医療レーザーの活用と安全管理
概要
レーザーは「Light Amplification by Stimulated Emission of Radiation」の略で、光の増幅と刺激放出により単一波長の光を発生させます。光源としての特徴は単色性、指向性、コヒーレンス(位相が揃っている)です。レーザーは出力と危険度に応じてクラス1〜4に分類され、クラス3・4は医療用途に用いられます。
医療レーザーの歴史
米国医療美容協会によると、レーザーはアルベルト・アインシュタインが1917年に理論を提唱し、1960年にT.H.メイマン博士がヒューズ航空社で合成ルビー棒を用いた赤色(694nm)ルビーレーザーを実用化しました。
医療レーザーの種類
- 二酸化炭素(CO₂)レーザー:光エネルギーを熱に変換し、組織を切断・蒸散させると同時に出血を最小化します。
- ネオジム・イットリウム・ヤング・ガーネット(Nd:YAG)レーザー:他のレーザーより深部組織へ浸透できます。
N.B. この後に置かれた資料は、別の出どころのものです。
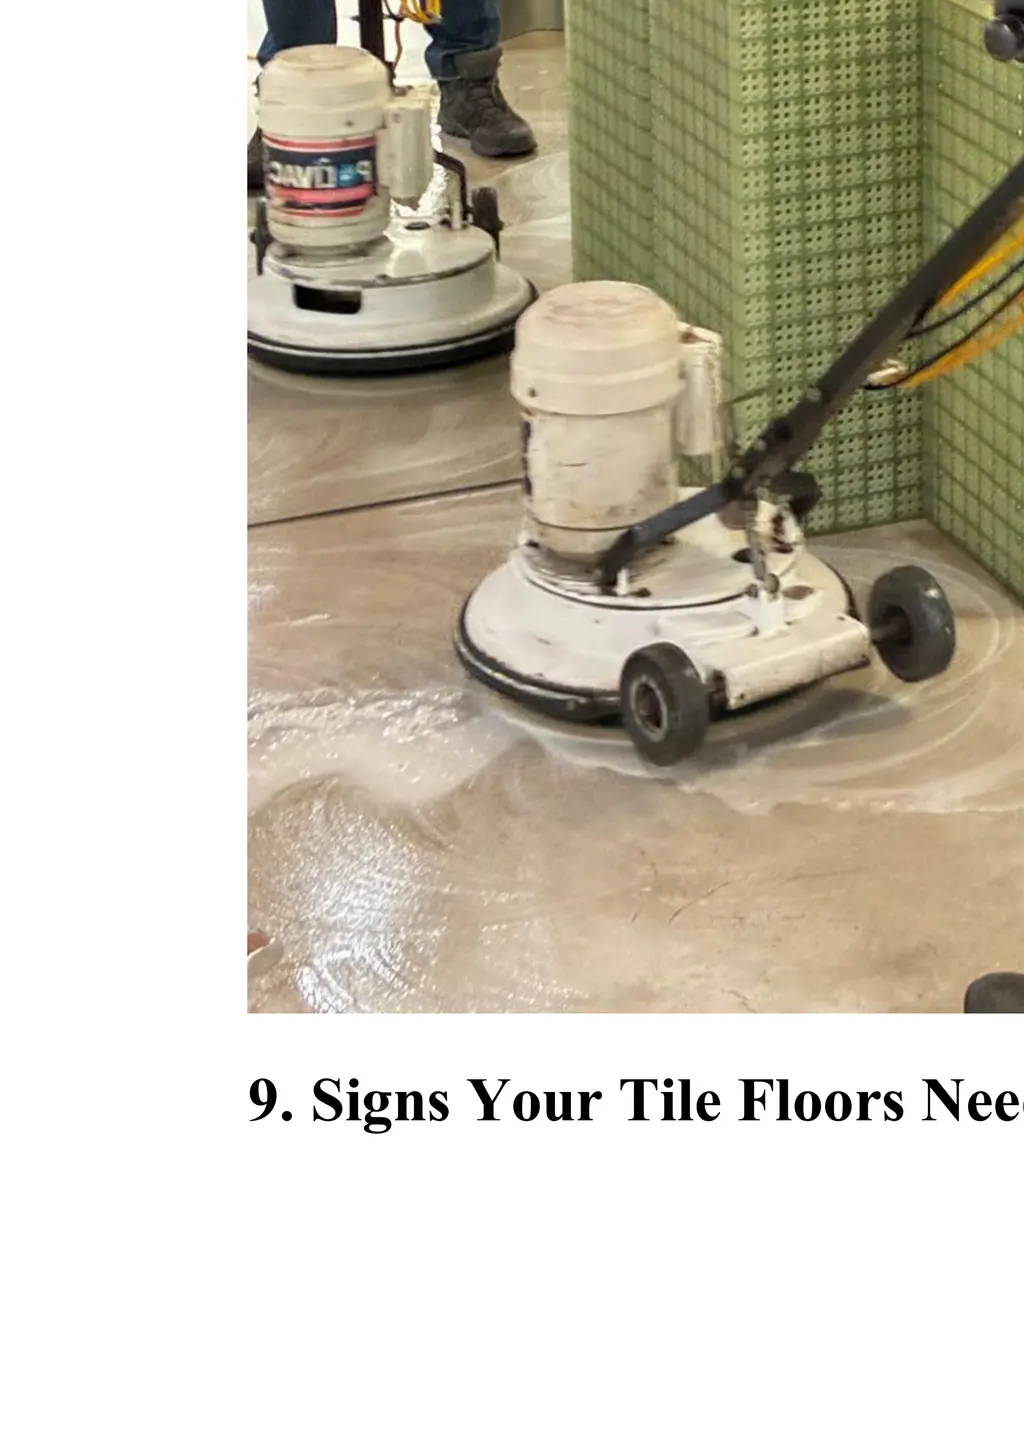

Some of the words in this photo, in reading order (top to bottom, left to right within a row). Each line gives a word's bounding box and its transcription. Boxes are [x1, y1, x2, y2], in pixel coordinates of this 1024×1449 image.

- アルゴンレーザー:眼科手術や表在性皮膚疾患に適した浅い浸透深さを持ちます。
医療レーザーの主な用途
プラスチック外科、耳鼻咽喉科、脳神経外科、婦人科・胸部外科、歯科など幅広い分野で利用されます。腫瘍、イボ、タトゥー、ホクロの除去や声帯乳頭腫、扁桃、静脈瘤の治療にも使用されます。
メリット
- メスのように高精度で切断でき、周囲組織への侵襲が低減。
- 同時に止血できるため出血が少なく、手術部位の視認性が向上。
- 組織の回復が早く、腫脹や瘢痕が軽減。
- 手術時間が短縮され、コストと時間の効率が上がります。
レーザー安全管理
レーザーを操作する医師は専門講習と認定を受ける必要があります。患者にレーザー治療を行う全スタッフは安全リスクと指針を学び、病院のレーザー安全委員会や安全担当者の指示に従うことが義務付けられています。
注意事項
作業時はレーザーのクラスに適合した保護眼鏡やマスクを装着し、煙や蒸気への曝露を防止します。また、使用中はレーザー警告灯や掲示板で周囲に使用中であることを明示する必要があります。